• BRIEF
Ignoring the pictures, repeat every entry below exactly as it appears.

□ □ □ □ □ □ □

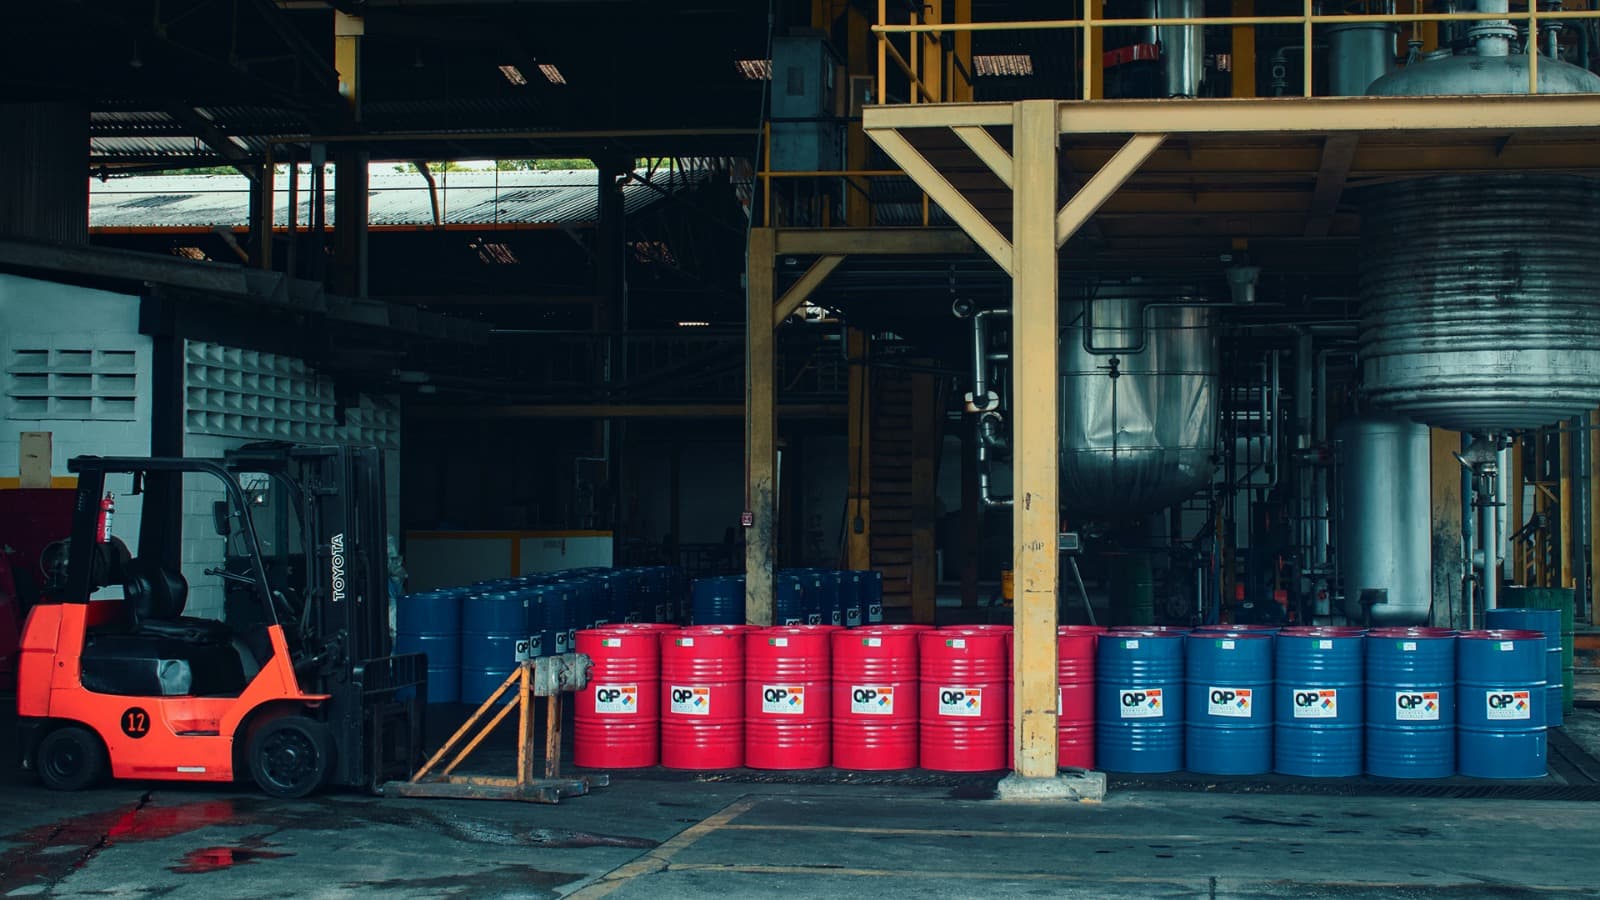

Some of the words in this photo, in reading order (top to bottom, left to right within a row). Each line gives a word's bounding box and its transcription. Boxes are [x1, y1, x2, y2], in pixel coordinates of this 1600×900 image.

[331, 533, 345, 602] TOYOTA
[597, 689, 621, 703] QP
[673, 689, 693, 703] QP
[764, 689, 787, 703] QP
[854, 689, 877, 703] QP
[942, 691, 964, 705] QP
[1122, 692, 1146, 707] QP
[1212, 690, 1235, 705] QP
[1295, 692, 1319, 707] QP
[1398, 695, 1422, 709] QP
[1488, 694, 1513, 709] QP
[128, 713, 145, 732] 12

□ □ □ □ □ □ □

• EXPECTED OUTPUT
Some of the words in this photo, in reading order (top to bottom, left to right within a row). Each line gives a word's bounding box and its transcription. Boxes are [x1, y1, x2, y2], in pixel coordinates of this 1600×900 image.

[331, 533, 345, 602] TOYOTA
[597, 689, 621, 703] QP
[673, 689, 693, 703] QP
[764, 689, 787, 703] QP
[854, 689, 877, 703] QP
[942, 691, 964, 705] QP
[1122, 692, 1146, 707] QP
[1212, 690, 1235, 705] QP
[1295, 692, 1319, 707] QP
[1398, 695, 1422, 709] QP
[1488, 694, 1513, 709] QP
[128, 713, 145, 732] 12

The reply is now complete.